Two big waves struck so suddenly and violently that no one caught in the Foveaux Strait trawler tragedy had a chance to react.
Police yesterday gave fresh insights into the sinking of the 17m Kotuku that led to the deaths of six people, including three generations of Bluff's Topi whanau.
The last three bodies were recovered from the submerged vessel by the police dive squad yesterday.
"The boat was struck by two waves in a very short space of time," said Inspector Barry Taylor. "It happened so quickly there was not an opportunity to get to either [of the emergency] beacons that were on board ... or to the radio to make a mayday call."
Whether the radio was working was not known yesterday. That will form part of the investigation.
"To the best of our knowledge there were sufficient life jackets on board; however none were being used at the time," Mr Taylor said.
He would not comment on whether it might have made a difference if they had been worn. "It's too soon to say."
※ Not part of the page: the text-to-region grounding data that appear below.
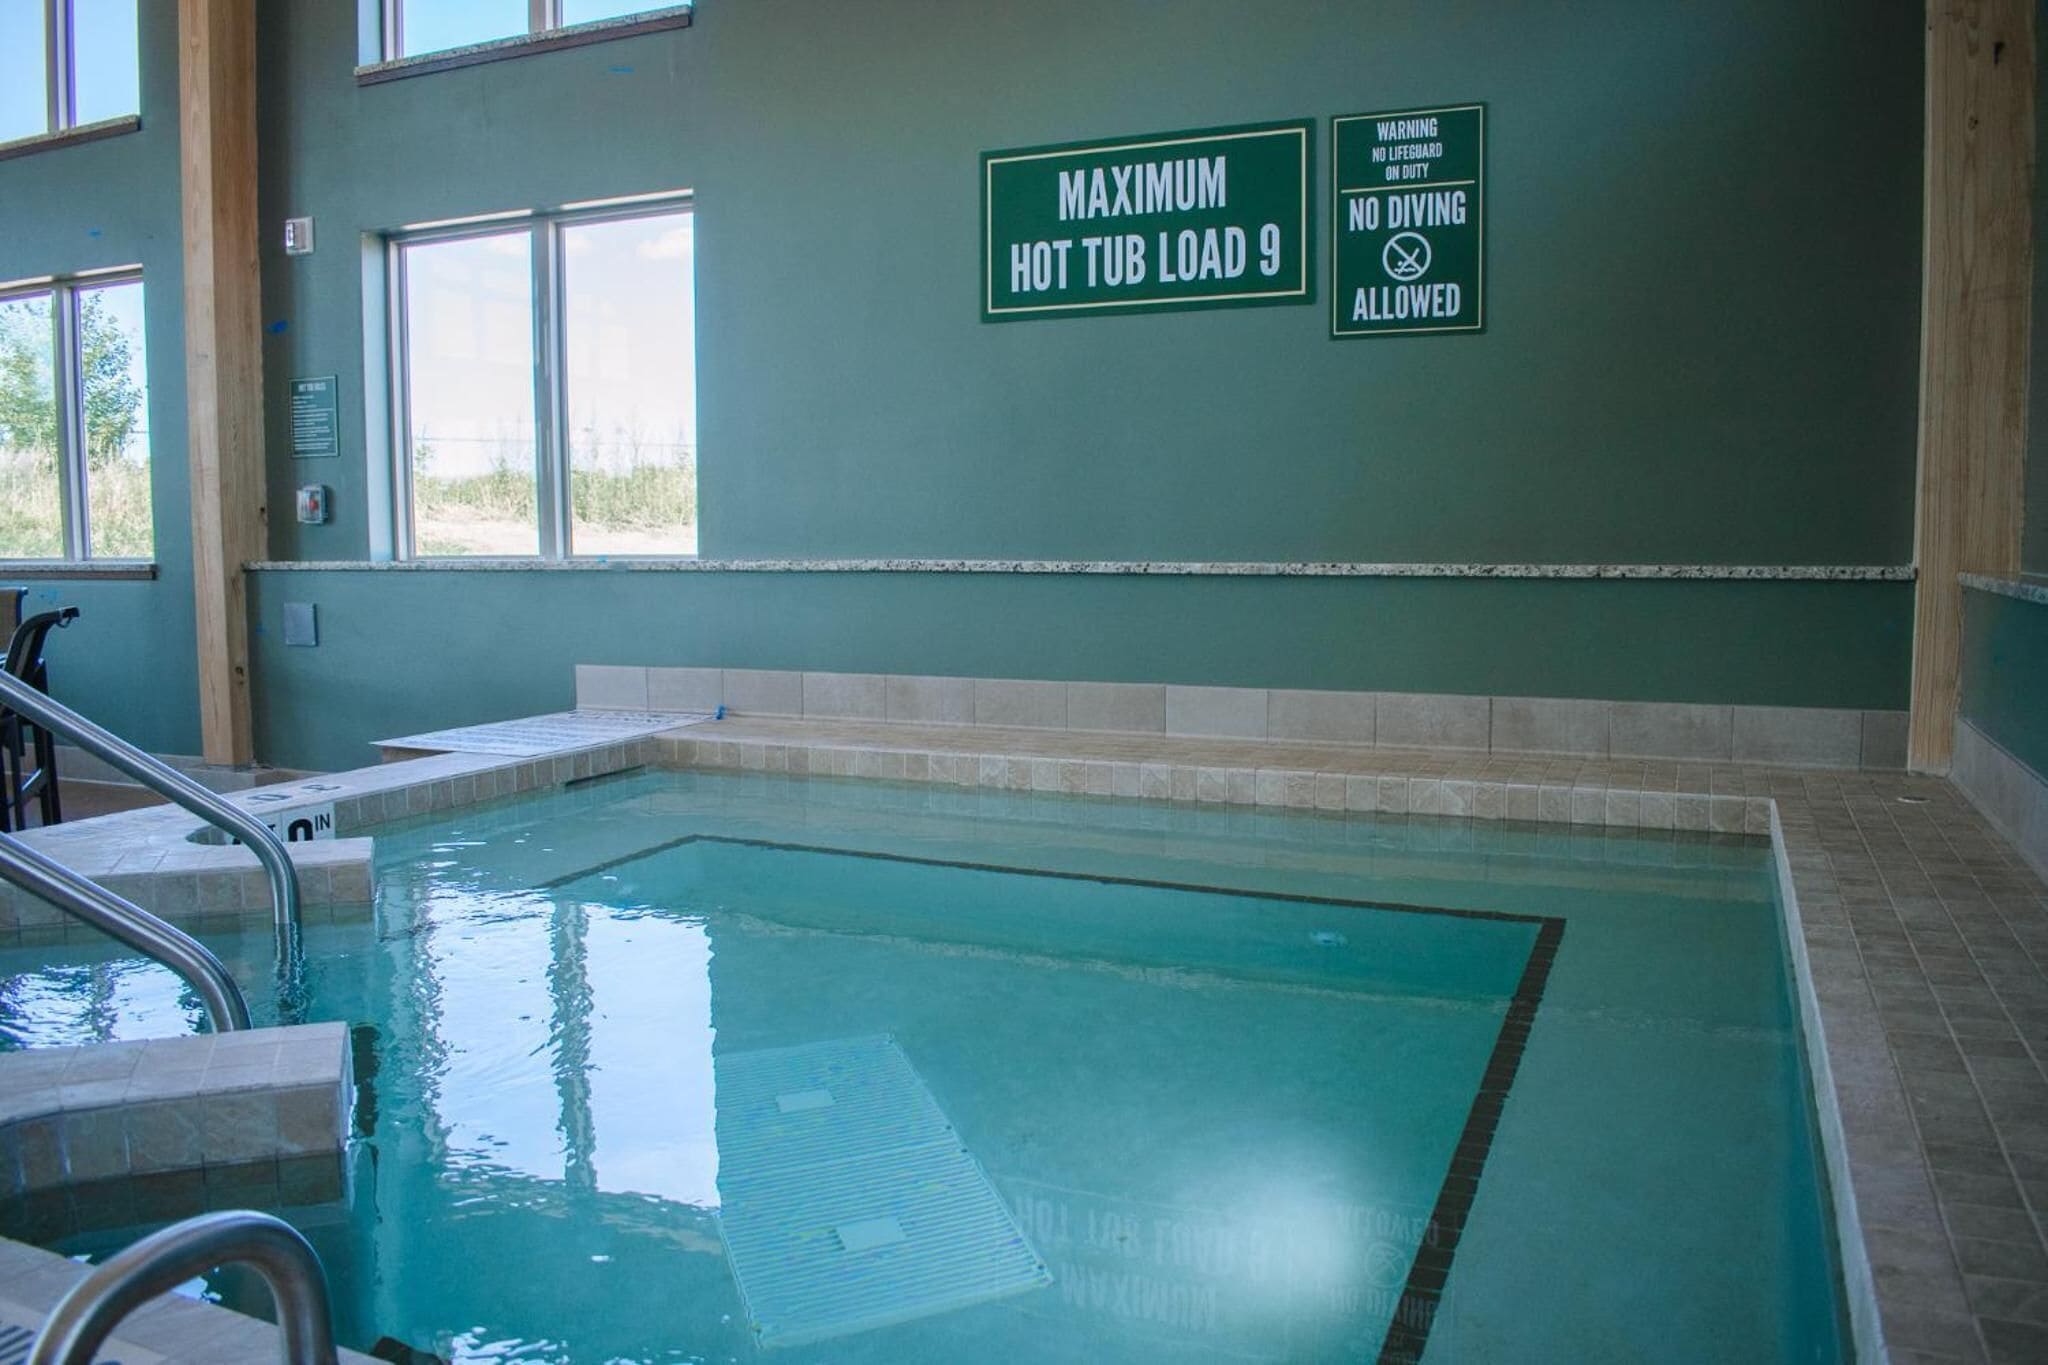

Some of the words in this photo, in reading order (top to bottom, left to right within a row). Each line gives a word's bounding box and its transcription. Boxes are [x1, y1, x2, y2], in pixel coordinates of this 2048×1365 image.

[1376, 117, 1438, 141] WARNING
[1372, 146, 1386, 163] NO
[1388, 142, 1443, 161] LIFEGUARD
[1385, 164, 1400, 181] ON
[1402, 162, 1429, 179] DUTY
[1058, 155, 1226, 221] MAXIMUM
[1349, 196, 1379, 231] NO
[1388, 190, 1466, 229] DIVING
[1011, 239, 1073, 293] HOT
[1082, 234, 1146, 287] TUB
[1159, 226, 1246, 282] LOAD
[1259, 222, 1280, 276] 9
[1352, 282, 1461, 321] ALLOWED
[314, 813, 331, 832] IN
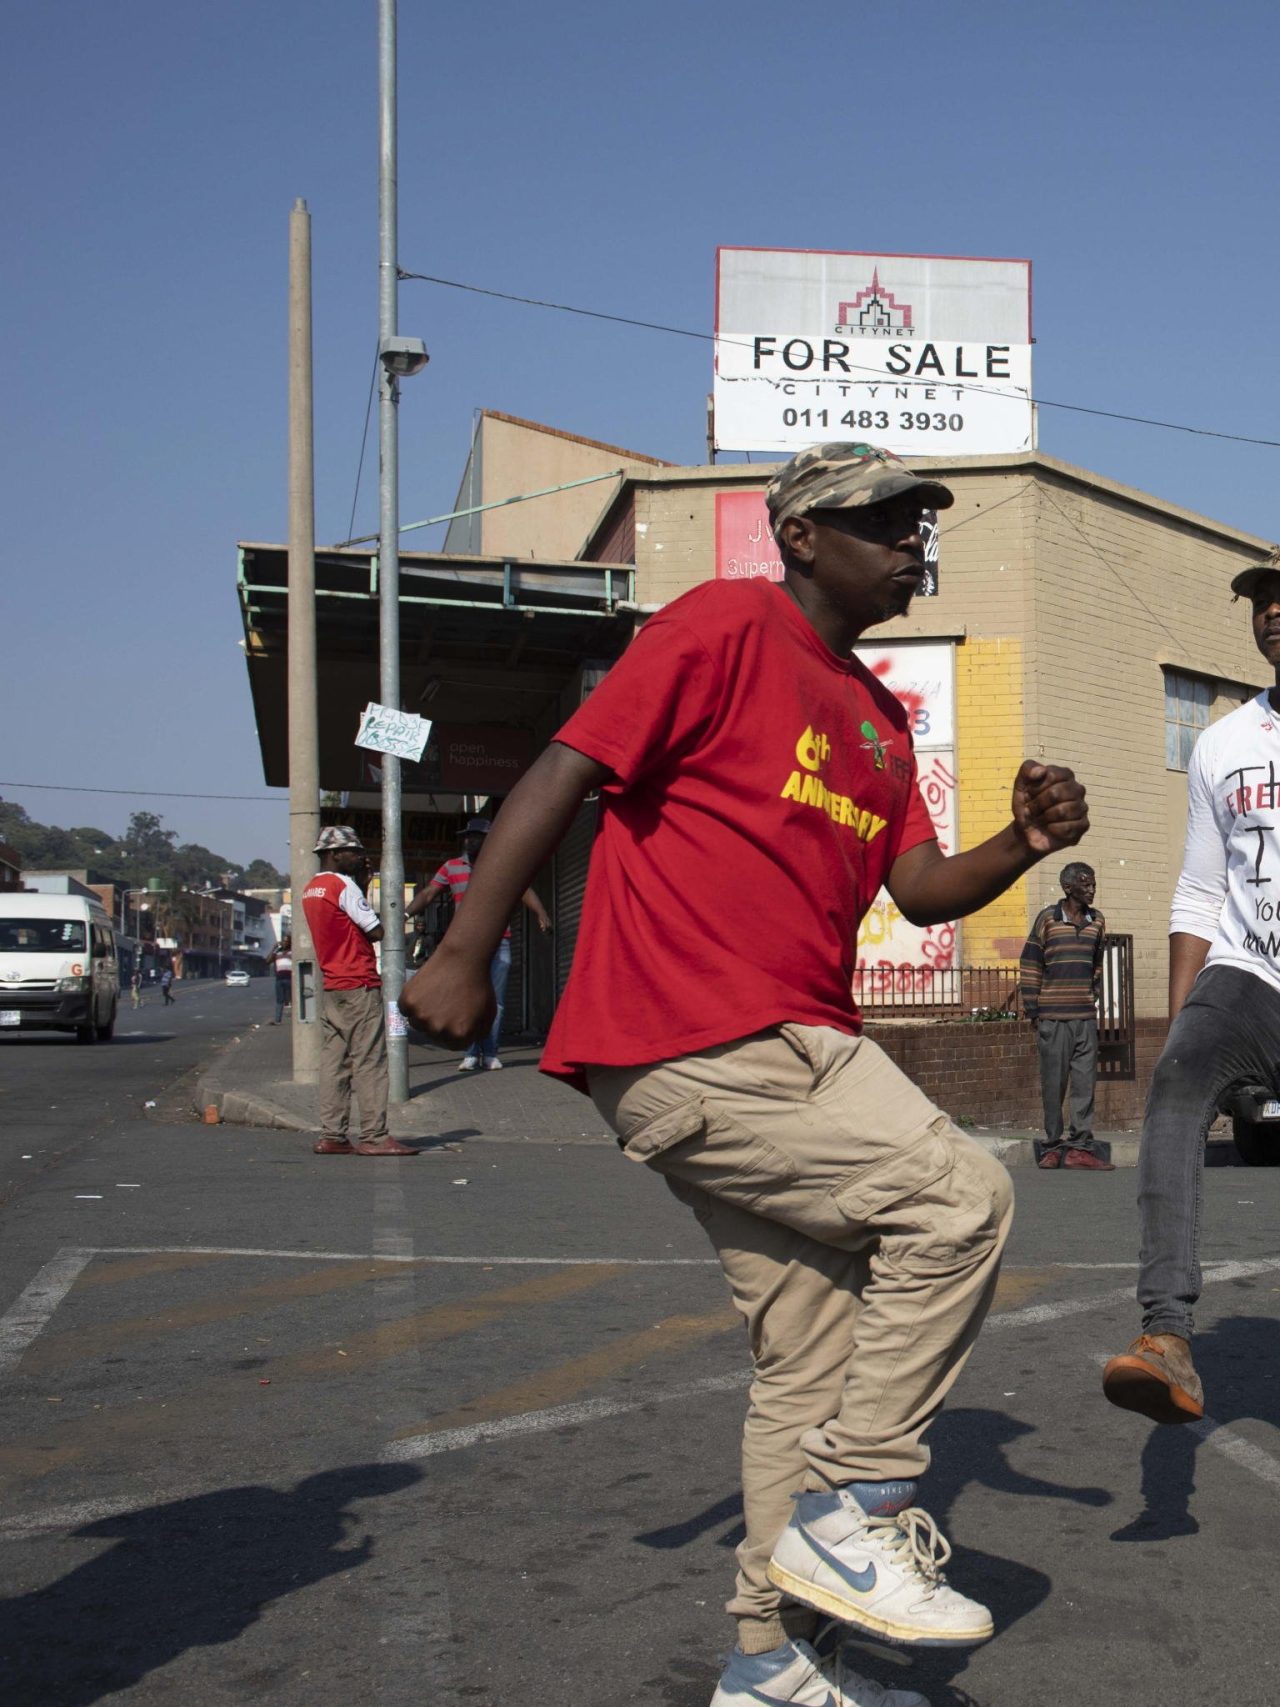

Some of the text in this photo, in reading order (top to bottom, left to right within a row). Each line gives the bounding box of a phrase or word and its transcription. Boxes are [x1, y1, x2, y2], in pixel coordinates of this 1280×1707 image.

A series of inquiries into the tragedy have begun. Police will assist the Maritime Safety Authority, the Transport Accident Investigation Commission and the coroner in making their findings.
The possibility of the boat being overloaded may also be considered, but Mr Taylor said he had no information on that.
The Kotuku was travelling back to Bluff on Saturday with members of the Topi family who had been hunting mutton birds on Titi Island.
Yesterday, the six-man police dive squad faced sharks and the confined spaces of the sunken vessel as they recovered the bodies of Leslie "Peter" Christian Topi, 78, Sailor Roy Trow-Topi, 9, and Shain Jack Topi-Tairi, 9.
The bodies of Ian James Hayward, 52, Clinton Allan Woods, 34, and Tania Marie Topi, 41, were found on Sunday.
Kotuku skipper John Edminstin, 56, Paul Maurice Topi, 46, and Dylan James Topi, 16, survived by swimming to nearby Women's Island.
The Topi family should receive the bodies of their lost ones today.
"I think it would be fair to say that as tragic as it is, there's relief that all the bodies have been recovered," Mr Taylor said.
Jim Roderique, a lifelong friend of Peter Topi, said he would miss "the great bloke".
"He was a very straight-up fellow. If everybody was as good as Peter and his family, it would be a great country."
He said Mr Topi had been unable to go on other recent mutton bird hunting trips with his family because of illness, "but he tried not to show it".
"I would never think a person like Peter would end up that way because he was so careful," Mr Roderique said.
Police divers went down in pairs on three separate occasions yesterday to get the bodies trapped in the vessel, which was still intact and lying on its side on the sea floor.
Earlier, civilian divers had used an underwater camera to find the vessel and mark its location.
Dive squad head Senior Sergeant Bruce Adams said it was very rewarding for members to be able to return the bodies to the family.
The isolated location and the cold temperatures made the recovery a difficult one. "There were several sharks seen by the topside craft and we were briefed that they were seen on one of the dives," Mr Adams said.
Mr Taylor said the impact of the tragedy was far-reaching.
"The entire Bluff and Southland communities will in some way feel the effects of this tragedy."